PETANG itu, Kamis 11 April 2019, penulis beserta sejumlah petinggi PWI Aceh menyempatkan menyambangi kediaman salah satu sohib lama yang sudah tidak satu komunitas lagi.
Ya, sohib yang dulunya jurnalis, kini dalam kurun waktu belasan tahun belakangan sudah beralih menjadi pamong birokrat. Tak tanggung-tanggung, pamong nomor satu di daerah kelahirannya, Kabupaten Aceh Barat Daya. Namun kini dalam kondisi kesehatannya sedikit terganggu.
Rombongan penulis yang tiba saat azan Maghrib tiba, langsung merapat ke mushalla kediaman dinas sang sohib tadi. Langkah, rezeki, pertemuan, maut.
Tampak oleh penulis sosok tak asing, berjalan tanpa ada perubahan sedikitpun dari gayanya berpakaian. Sederhana. Sayang sedikit tampak gontai langkahnya menuju ke tempat ibadah yang letaknya persis di belakang rumah dinasnya (pendopo).

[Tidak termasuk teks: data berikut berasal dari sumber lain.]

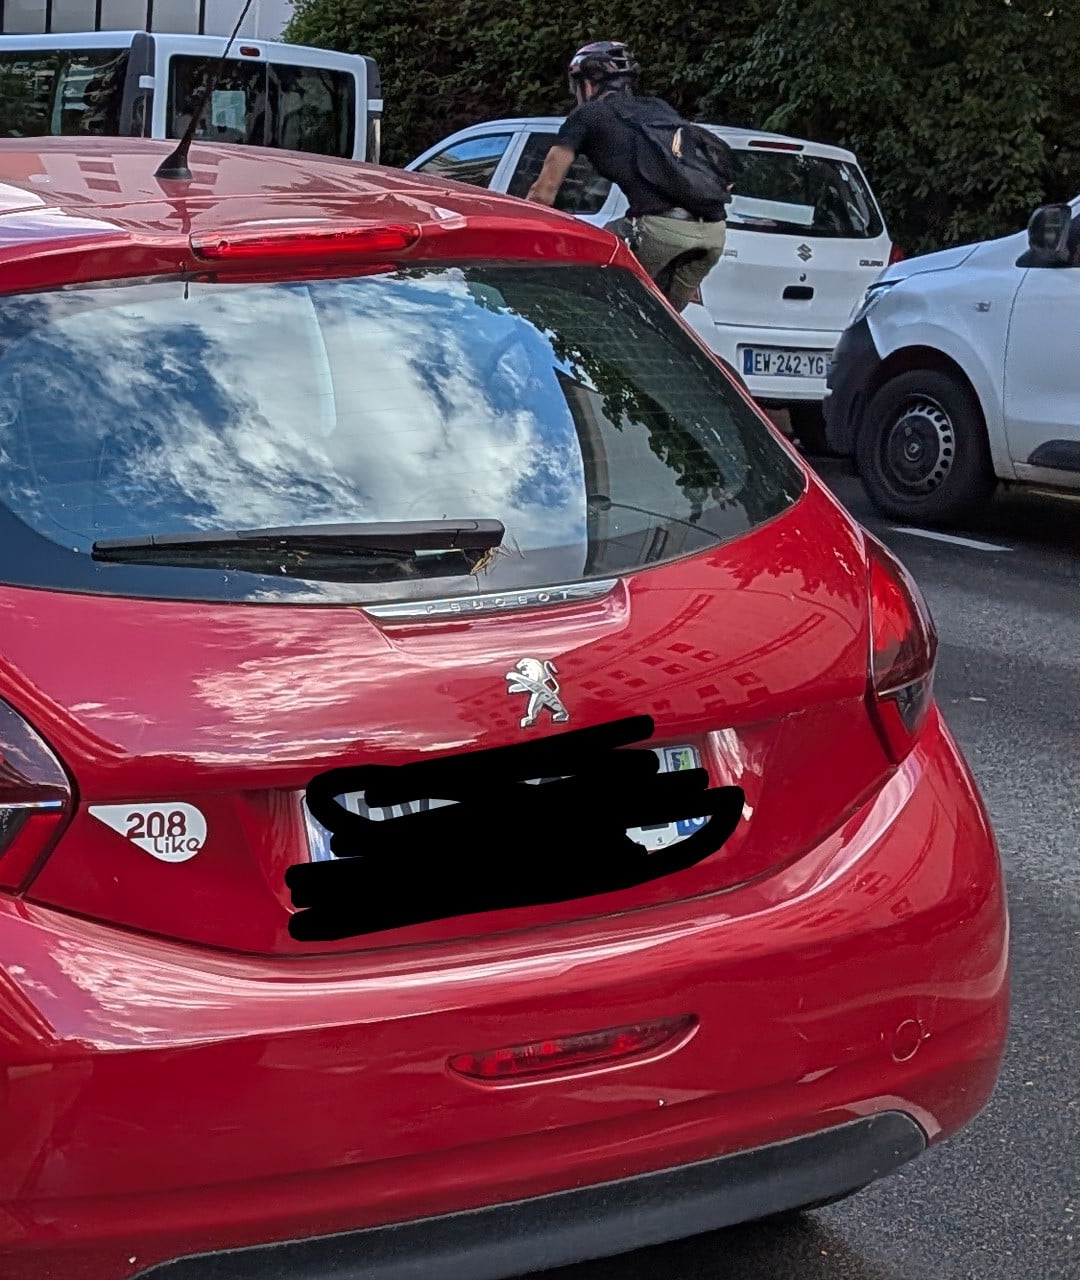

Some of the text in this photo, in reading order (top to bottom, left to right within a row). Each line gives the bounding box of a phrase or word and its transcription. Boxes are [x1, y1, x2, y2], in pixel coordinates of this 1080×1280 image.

[755, 353, 824, 375] EW-242-YG
[426, 590, 571, 613] PEUGEOT
[126, 810, 187, 838] 208
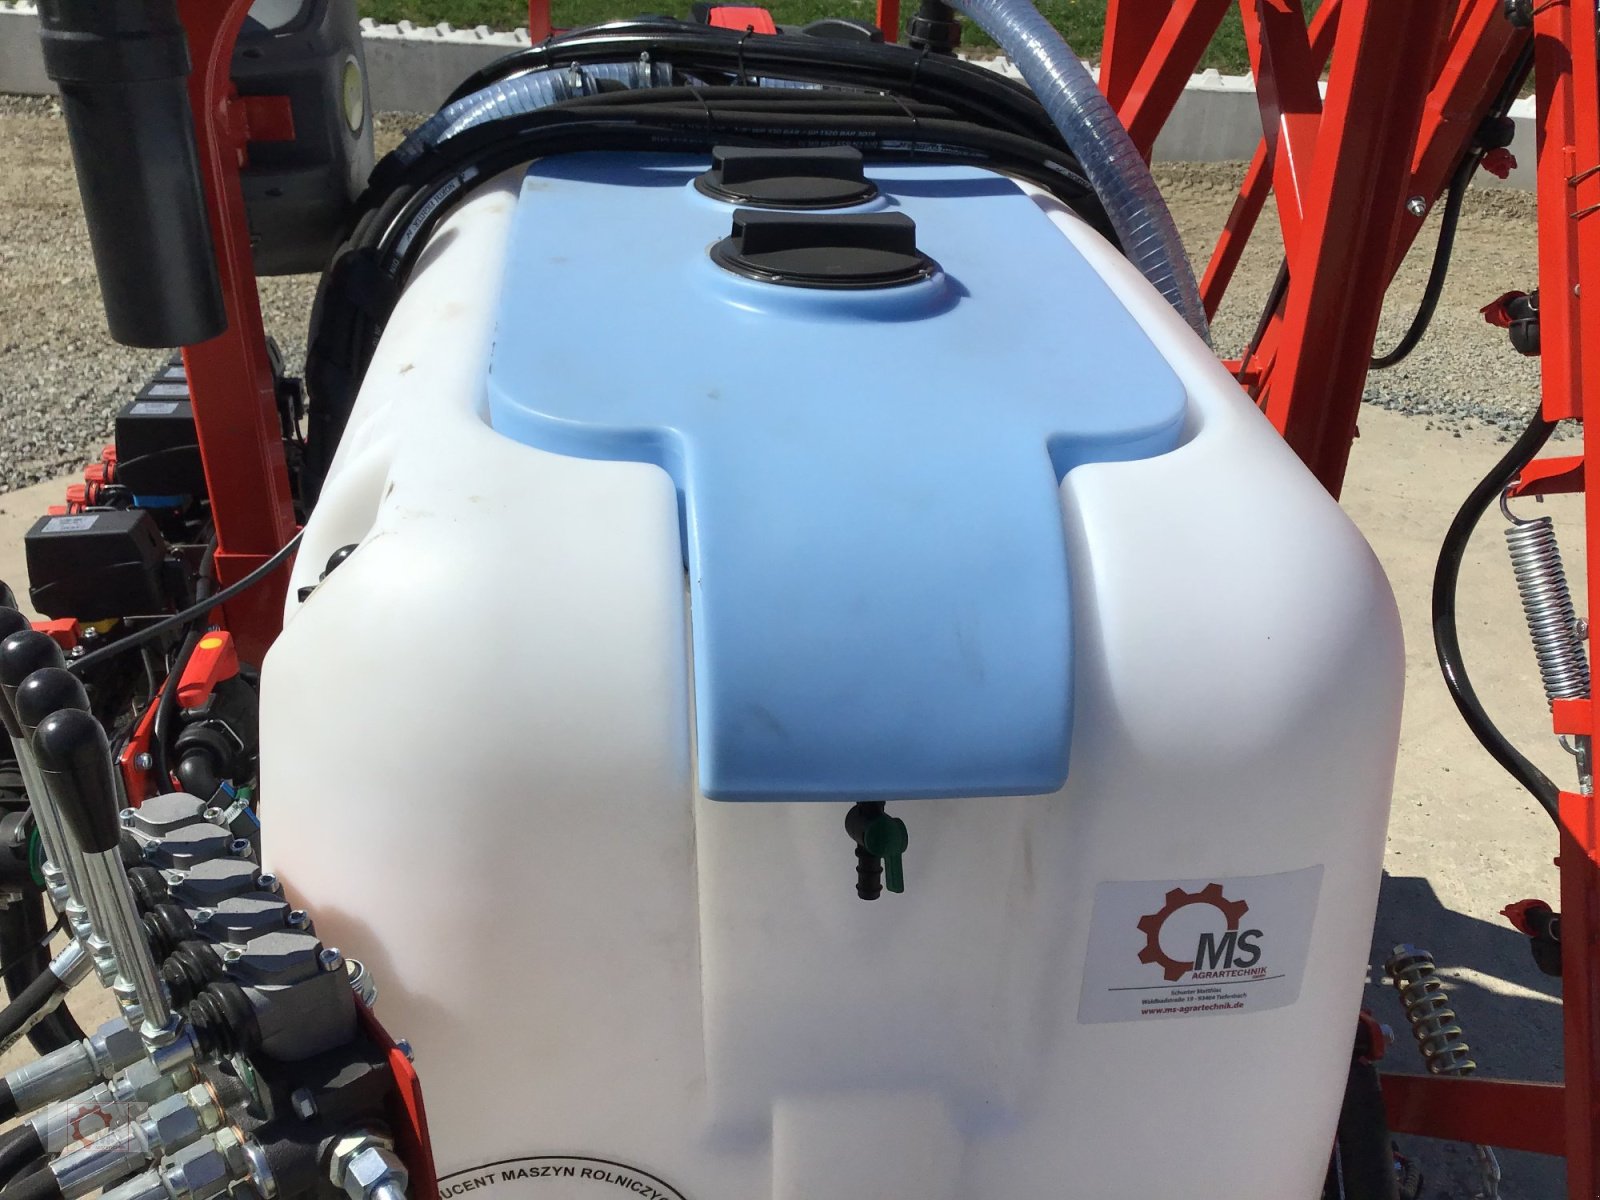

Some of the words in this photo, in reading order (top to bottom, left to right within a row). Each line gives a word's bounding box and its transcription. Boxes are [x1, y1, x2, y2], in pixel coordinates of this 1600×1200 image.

[1194, 929, 1264, 971] MS
[1192, 967, 1268, 980] AGRARTECHNIK
[1141, 1001, 1244, 1016] www.ms-agrartechnik.de
[439, 1173, 495, 1200] UCENT
[501, 1165, 575, 1182] MASZYN
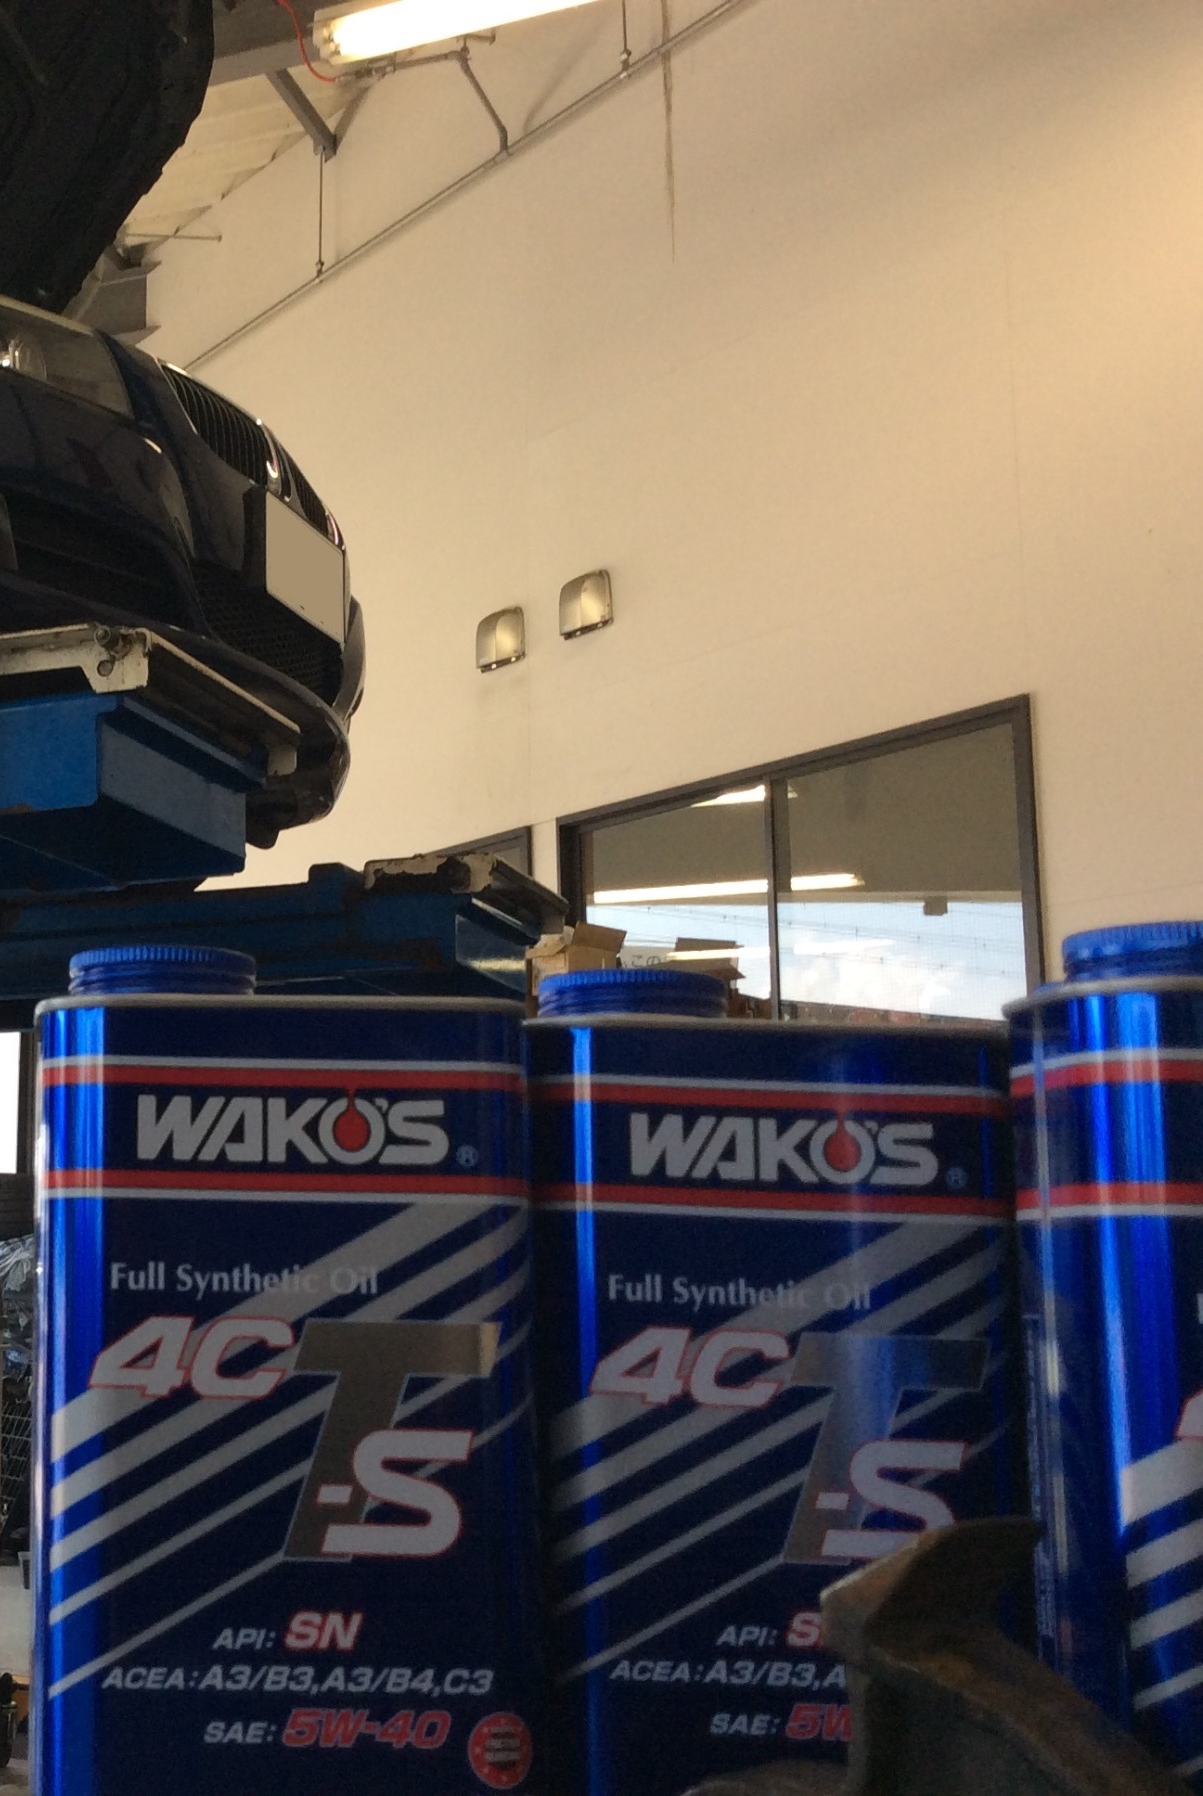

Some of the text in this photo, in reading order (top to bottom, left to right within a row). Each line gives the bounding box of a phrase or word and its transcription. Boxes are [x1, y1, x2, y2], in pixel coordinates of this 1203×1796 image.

Begitu usai melaksanakan shalat Maghrib, penulis menghampirinya. Tampak sosok sohib yang memang kurang sehat, menyapa sekadarnya. Tapi suasana berubah saat Plt Ketua PWI Aceh Aldin NL dan sesepuh pers Aceh Adnan NS tampak olehnya. Sang sohib pun langsung menyapa penulis.
“Waduh, kamu Rizal. Tadi saya kurang copy. Saat saya lihat Rizal jalan, baru saya copy (ingat),” ujarnya mengawali bincangnya.
Suasana pun mencair. Hanya kali ini agak berbeda dengan performance gayanya. Ya terganggu dengan kesehatannya. Biasanya sang sohib dikenal bahasanya keras dan ceplas ceplos.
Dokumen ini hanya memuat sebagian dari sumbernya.